With the planet getting warmer, so too is the frozen layer of ground underneath its coldest regions. According to a new study, the thawing of this permafrost could bring with it a significant health hazard to those living in sub-Arctic communities: increased exposure to the cancer-causing gas, radon.

Permafrost – a layer of ground frozen for more than two years – normally acts as a protective barrier from gas stores that lie beneath our feet, including radon. However, if it thaws, radon may be able to travel to the surface and accumulate in buildings. This presents a potential problem because radon, which is naturally occurring and radioactive, can also lead to cancer. 

“Radon is known to be the second most important cause of lung cancer after smoking. Smoking also exacerbates radon-acquired lung cancer rates by about 26 times, and smoking is up to 4.4 times more prevalent in Arctic communities,” said study author Professor Paul Glover in a statement. 

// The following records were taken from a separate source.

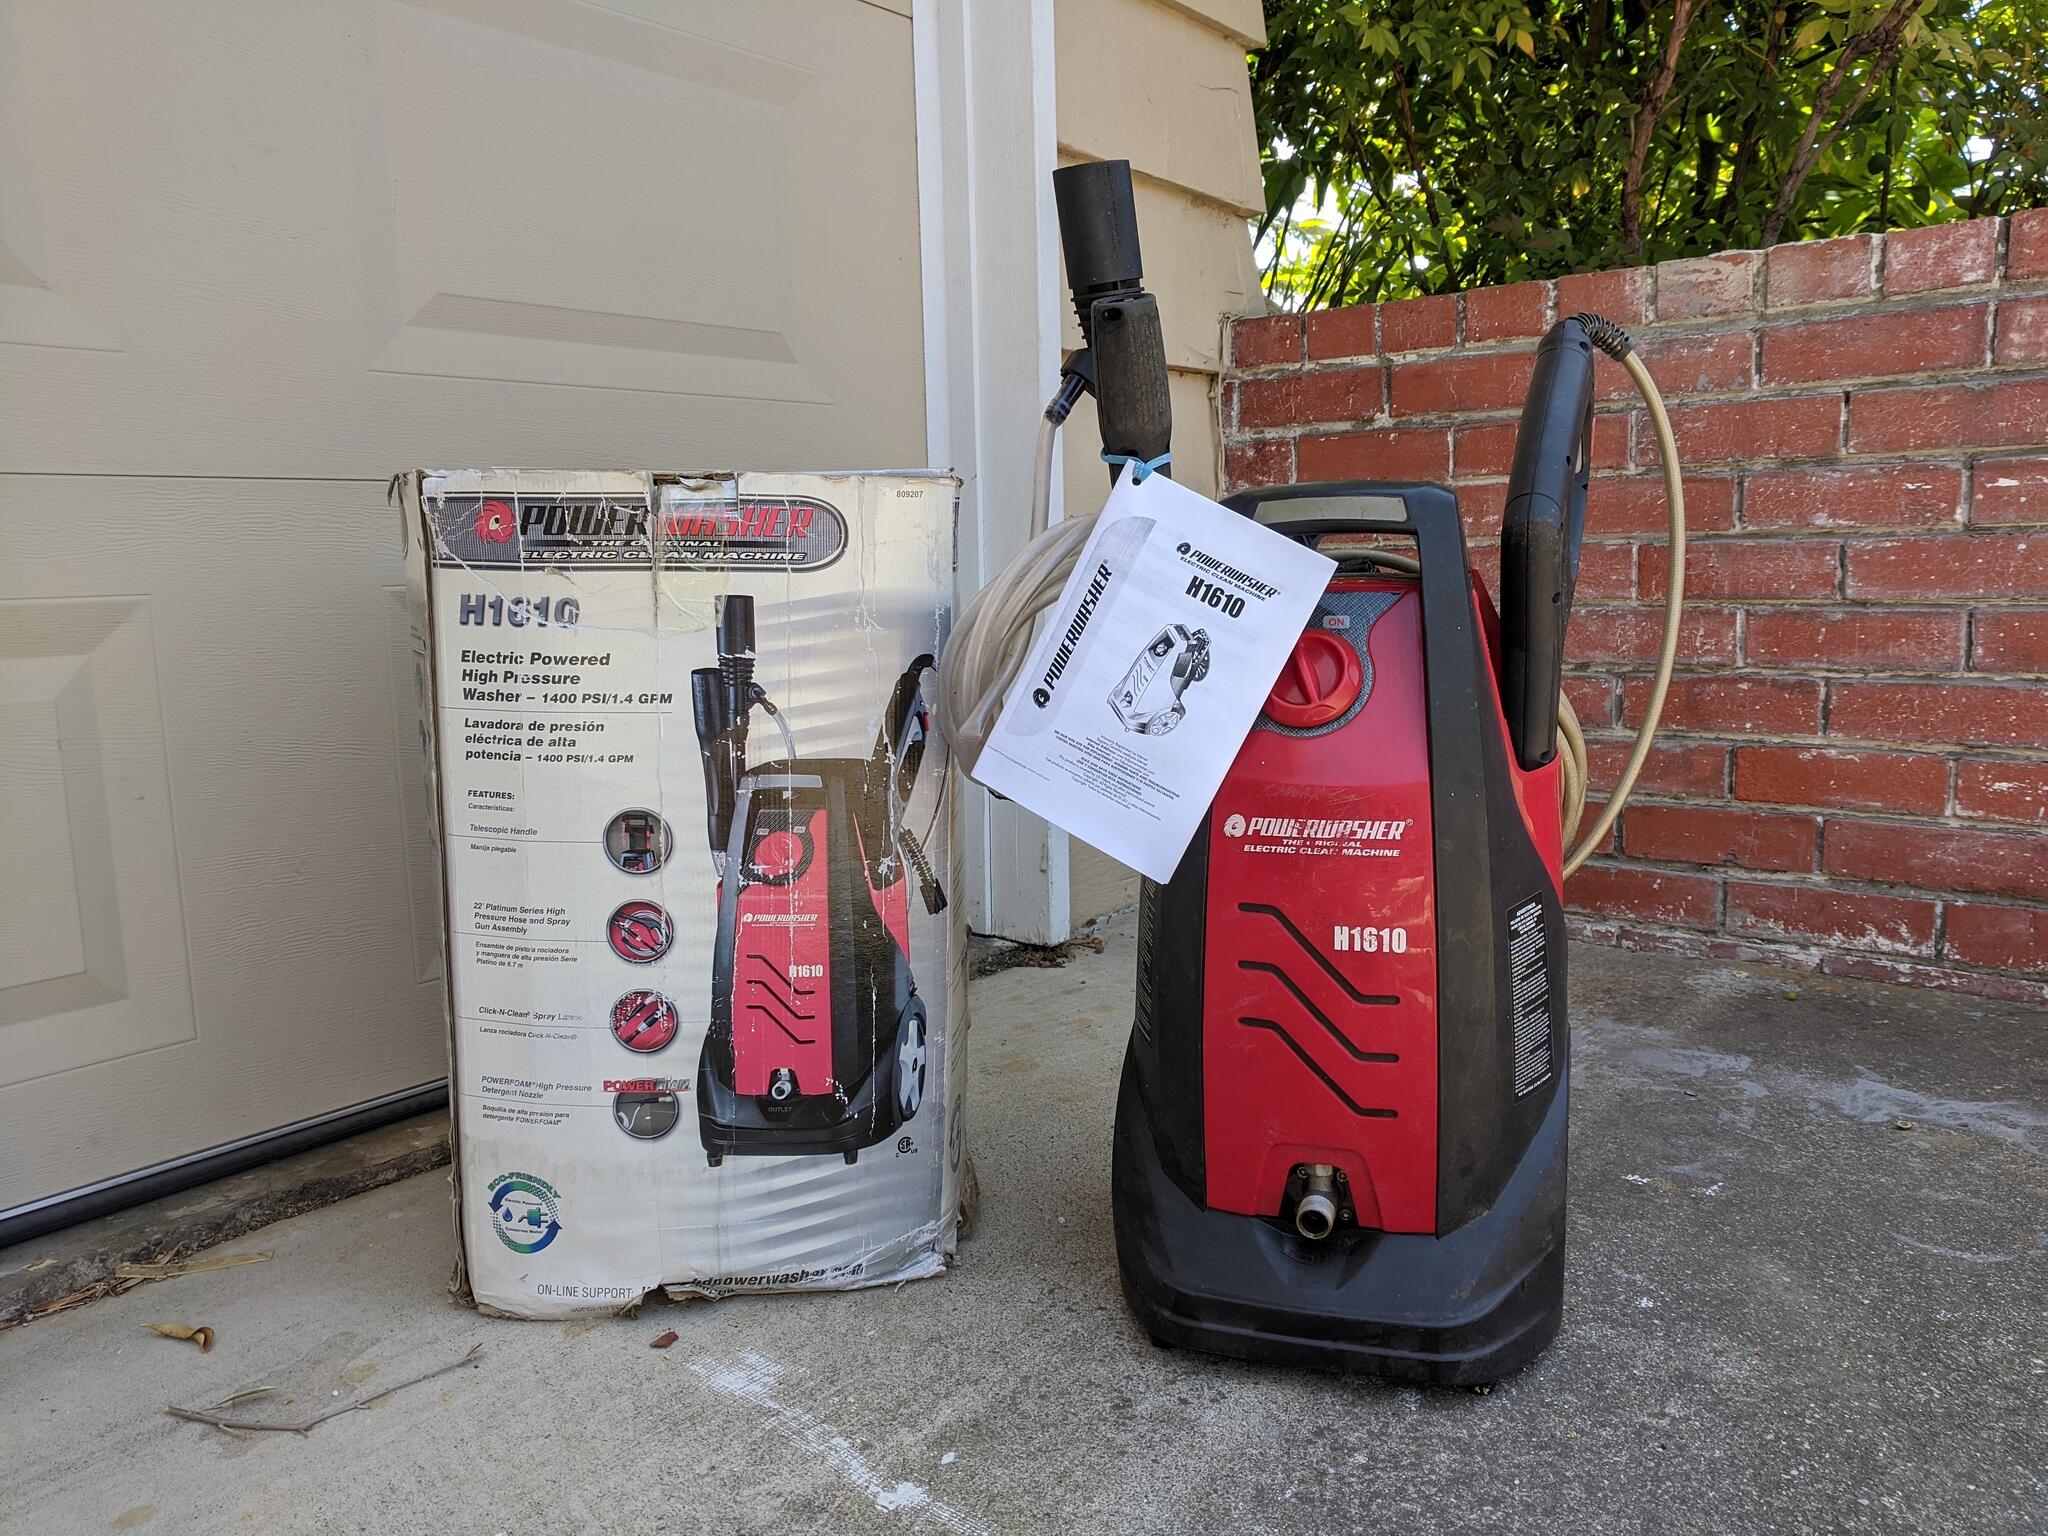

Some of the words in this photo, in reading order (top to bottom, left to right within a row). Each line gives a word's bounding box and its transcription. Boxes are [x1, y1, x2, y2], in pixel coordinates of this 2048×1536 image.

[896, 490, 924, 498] 809207
[519, 504, 814, 538] POWERWASHER
[630, 540, 723, 548] OIGINAL
[519, 550, 617, 560] ELECTRIC
[702, 551, 807, 561] MACHINE
[1180, 556, 1211, 574] ELECTRIC
[1211, 572, 1233, 585] CLEAN
[1233, 583, 1267, 602] MACHINE
[1189, 549, 1278, 598] POWERWASHER
[1185, 575, 1246, 619] H1610
[459, 593, 580, 627] H1610
[1043, 562, 1112, 690] POWERWASHER
[1328, 618, 1345, 626] ON
[461, 649, 524, 665] Electric
[530, 652, 611, 666] Powered
[462, 669, 498, 685] High
[503, 670, 581, 685] Pressure
[463, 687, 522, 703] Washer
[542, 693, 577, 704] 1400
[581, 693, 633, 705] PSI/1.4
[638, 693, 673, 704] GPM
[464, 717, 524, 731] Lavadora
[528, 720, 546, 732] de
[549, 720, 605, 734] presión
[464, 735, 522, 746] eléctrica
[527, 736, 544, 747] de
[548, 737, 577, 748] alta
[465, 749, 522, 762] potencia
[537, 754, 563, 763] 1400
[566, 754, 605, 763] PSI/1.4
[608, 755, 634, 763] GPM
[467, 789, 515, 800] FEATURES:
[470, 823, 509, 834] Telescopic
[510, 827, 538, 836] Handle
[1247, 817, 1406, 840] POWERWASHER
[470, 843, 490, 852] Manija
[490, 845, 517, 853] plegable
[1282, 838, 1303, 846] THE
[1244, 844, 1296, 854] ELECTRIC
[1342, 848, 1400, 857] MACHINE
[485, 903, 518, 913] Platinum
[519, 906, 544, 915] Series
[546, 907, 566, 916] High
[474, 912, 507, 922] Pressure
[508, 915, 528, 924] Hose
[546, 917, 571, 927] Spray
[474, 922, 490, 930] Gun
[491, 924, 528, 935] Assembly
[475, 941, 505, 950] Ensamble
[1334, 926, 1407, 954] H1610
[476, 957, 498, 966] Platino
[481, 951, 511, 959] manguera
[532, 955, 559, 963] presión
[560, 955, 578, 963] Serie
[533, 1012, 556, 1021] Spray
[479, 1026, 497, 1034] Lanza
[498, 1029, 527, 1037] rociadora
[481, 1086, 517, 1096] Detergent
[518, 1090, 543, 1099] Nozzle
[535, 1082, 554, 1091] High
[555, 1083, 592, 1091] Pressure
[487, 1172, 562, 1199] ECO-FRIENDLY
[537, 1284, 580, 1297] ON-LINE
[582, 1286, 634, 1299] SUPPORT:

“Consequently, an unexpected plume of radon could represent a dangerous health hazard if it is not planned for."

To assess the dangers it might pose with increased permafrost thawing, Glover and colleagues modeled radon production and how the gas might flow through soil, permafrost, and buildings (including those with basements and those without), depending on the depth of the permafrost and how fast it might thaw.

The model confirmed that permafrost acts as a barrier, but also ends up increasing the concentration of the radon trapped beneath it by up to 12 times. It also revealed that for buildings with basements, permafrost thaw could lead to a dramatic and long-lasting increase in radon concentration compared to background levels. 

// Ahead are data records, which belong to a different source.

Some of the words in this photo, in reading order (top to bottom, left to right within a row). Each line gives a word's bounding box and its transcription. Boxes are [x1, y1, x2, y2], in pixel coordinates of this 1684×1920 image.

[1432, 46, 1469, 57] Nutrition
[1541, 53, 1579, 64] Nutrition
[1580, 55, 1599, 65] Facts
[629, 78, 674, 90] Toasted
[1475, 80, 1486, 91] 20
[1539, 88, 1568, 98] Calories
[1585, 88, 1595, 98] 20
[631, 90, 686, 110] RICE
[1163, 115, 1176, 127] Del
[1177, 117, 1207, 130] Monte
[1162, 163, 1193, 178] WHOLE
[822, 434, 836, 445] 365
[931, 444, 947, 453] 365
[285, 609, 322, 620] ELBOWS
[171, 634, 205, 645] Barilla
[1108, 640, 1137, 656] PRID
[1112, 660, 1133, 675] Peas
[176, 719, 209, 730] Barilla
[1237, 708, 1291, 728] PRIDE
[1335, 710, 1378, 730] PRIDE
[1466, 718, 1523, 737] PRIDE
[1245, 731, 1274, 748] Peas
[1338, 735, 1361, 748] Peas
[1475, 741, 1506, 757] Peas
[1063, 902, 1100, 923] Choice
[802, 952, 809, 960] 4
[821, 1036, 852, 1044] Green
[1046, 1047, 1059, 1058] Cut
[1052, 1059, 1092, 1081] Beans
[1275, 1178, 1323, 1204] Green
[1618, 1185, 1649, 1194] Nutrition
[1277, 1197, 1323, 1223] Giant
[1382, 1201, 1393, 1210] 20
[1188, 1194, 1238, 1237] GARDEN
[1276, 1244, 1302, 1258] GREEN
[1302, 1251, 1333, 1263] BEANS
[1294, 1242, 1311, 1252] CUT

Though there’s no known safe level of radon, for up to seven years, the concentration could be greater than the 200 becquerel per cubic meter value used by several countries as a threshold to take action – this can include increasing ventilation and sealing up cracks.

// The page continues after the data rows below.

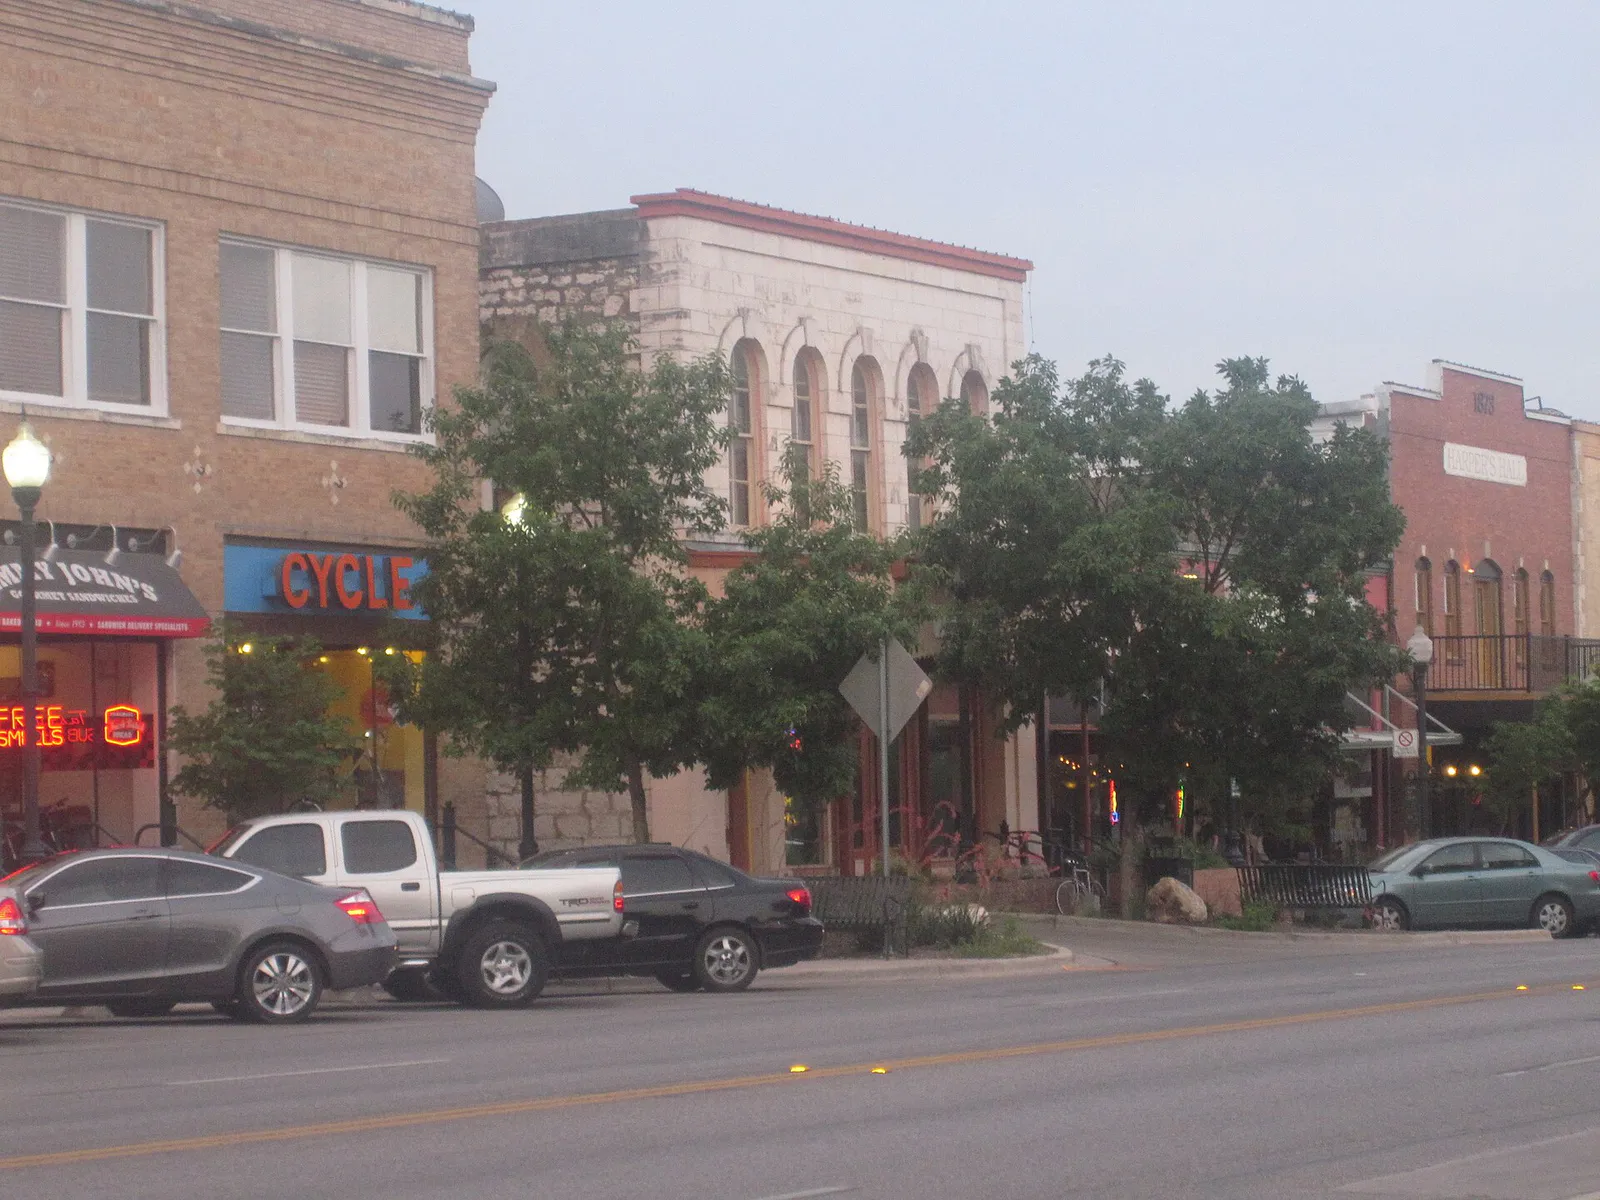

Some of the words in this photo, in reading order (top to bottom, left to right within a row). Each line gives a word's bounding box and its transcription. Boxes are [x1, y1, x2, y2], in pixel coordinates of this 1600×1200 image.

[56, 562, 158, 602] JOHN'S
[282, 552, 414, 610] CYCLE
[9, 589, 66, 601] GRMET
[67, 592, 138, 603] SANDWICHES
[0, 729, 64, 747] SMLS
[559, 898, 589, 907] TRD

“Our results show clearly that the pent-up reservoir of radon can be released into the basements of buildings over a long period and will remain above radiation action levels for four to seven years,” explained Glover.

Although the authors caution that the results are based on a model that made many assumptions, the potential health risks to sub-Arctic populations, particularly those with lots of smokers, still lends them importance.

“If the permafrost were stable, there would be no cause to be concerned. However, it is now widely recognised that climate change is leading to significant thawing of permafrost, with a 42 percent expected loss of permafrost in the Arctic Circumpolar Permafrost Region (ACPR) by 2050,” said Glover.

“Since there has been no perceived historical radon problem in these communities and the gas itself is undetectable without specialist devices, we regard this as an important and totally avoidable threat to the health of the northern communities.”

The study is published in Earth’s Future.